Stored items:
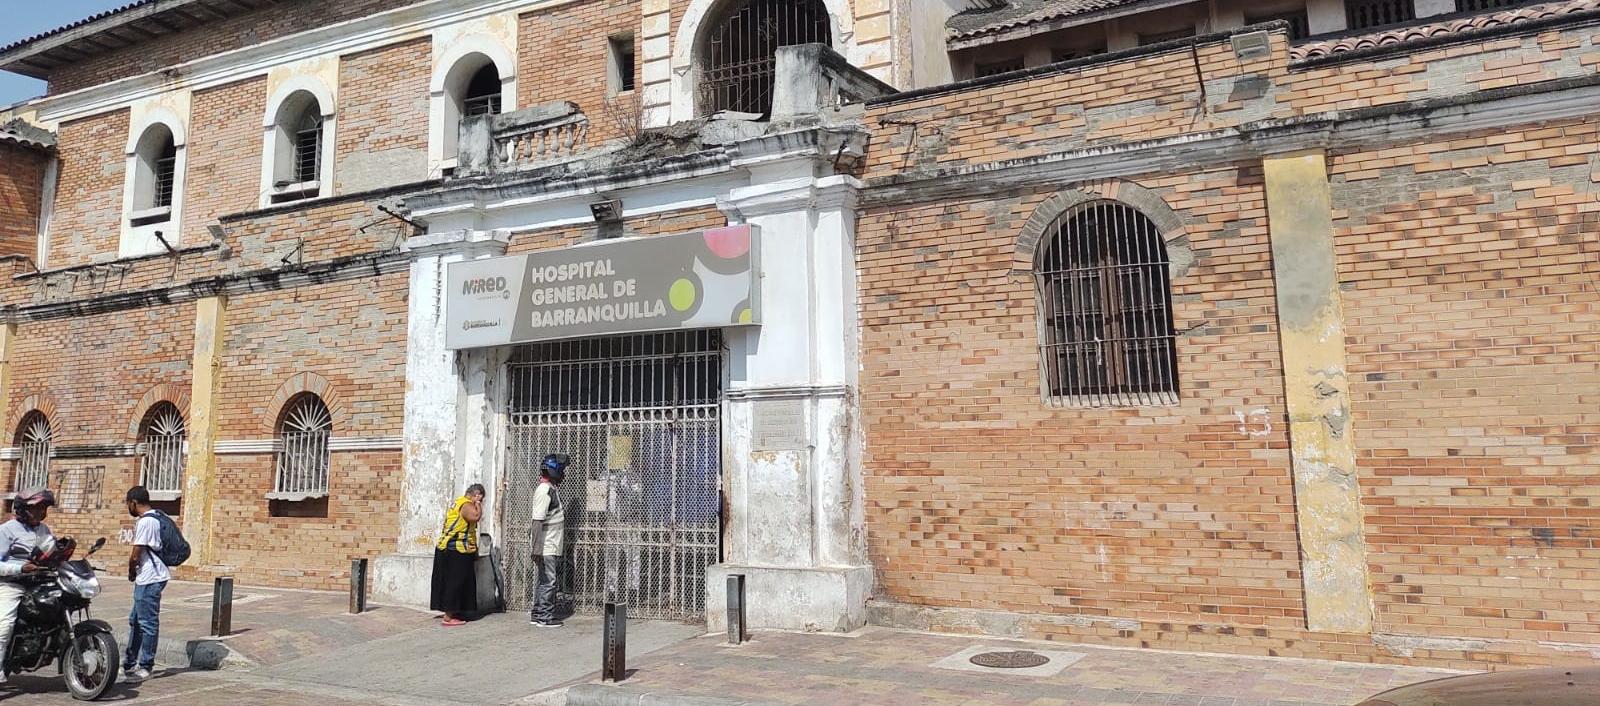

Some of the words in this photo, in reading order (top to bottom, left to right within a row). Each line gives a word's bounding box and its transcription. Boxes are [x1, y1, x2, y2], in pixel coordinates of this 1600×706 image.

[532, 259, 615, 284] HOSPITAL
[531, 281, 608, 306] GENERAL
[612, 279, 637, 298] DE
[531, 299, 667, 328] BARRANQUILLA
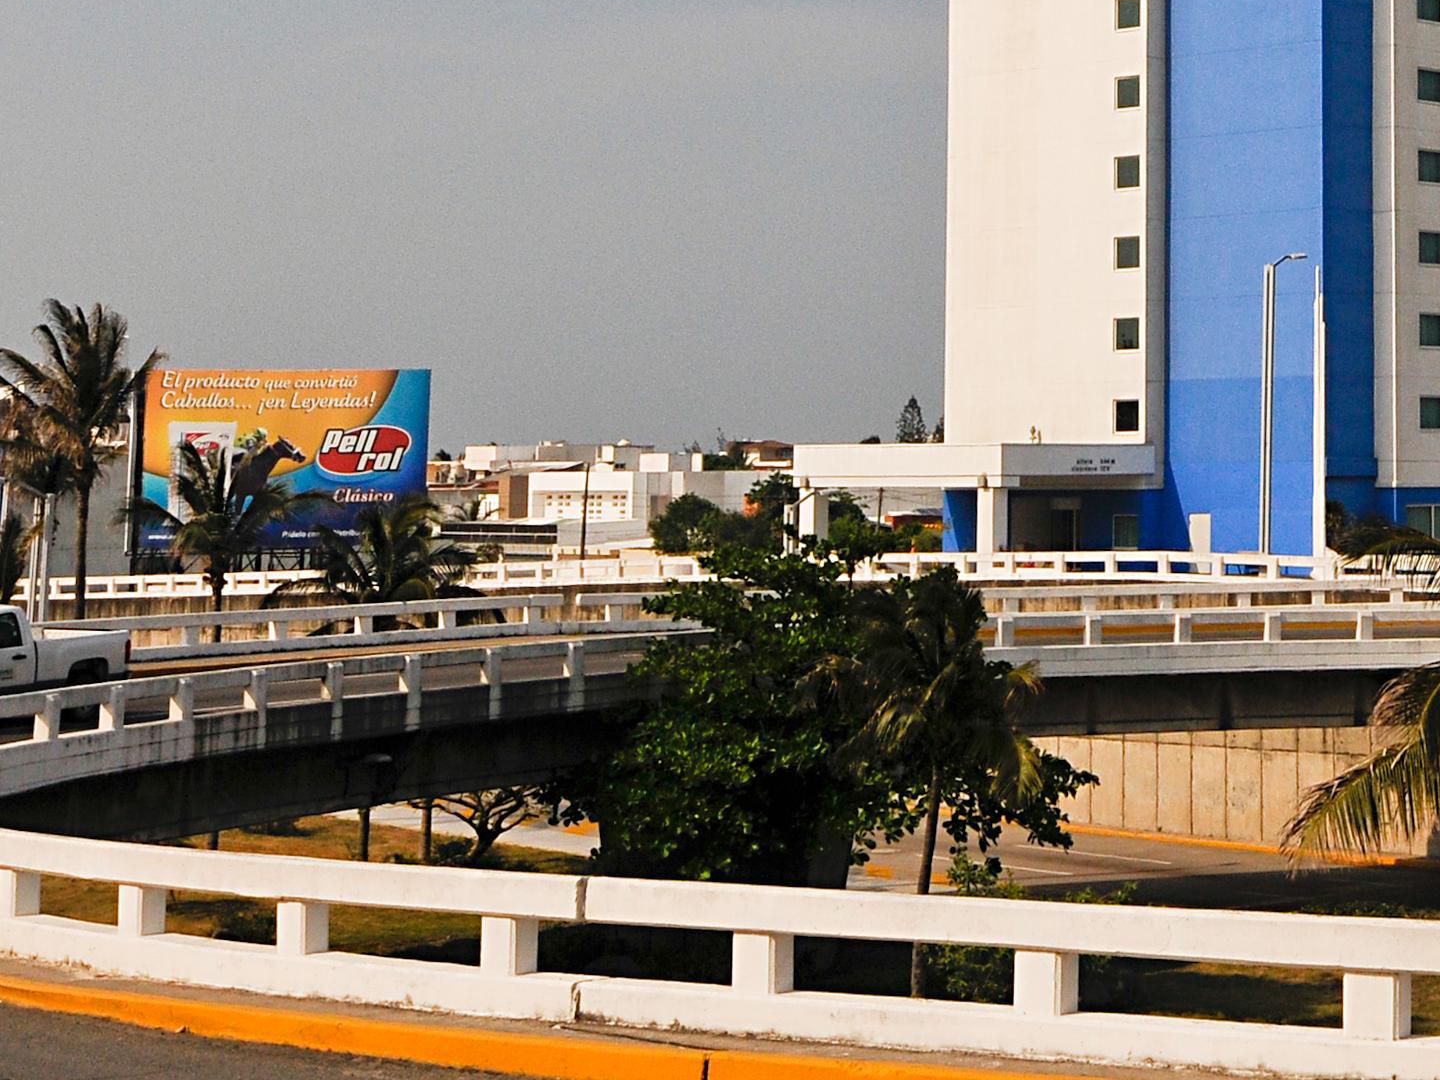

» Problem details
Write out each entry word for word, images excluded.

» Answer to this exercise
Some of the words in this photo, in reading order (top to bottom, left to right within a row). Each line gives a word's bounding box and its transcription. Boxes are [x1, y1, x2, y2], in pixel coordinates of this 1600×706 image.

[532, 259, 615, 284] HOSPITAL
[531, 281, 608, 306] GENERAL
[612, 279, 637, 298] DE
[531, 299, 667, 328] BARRANQUILLA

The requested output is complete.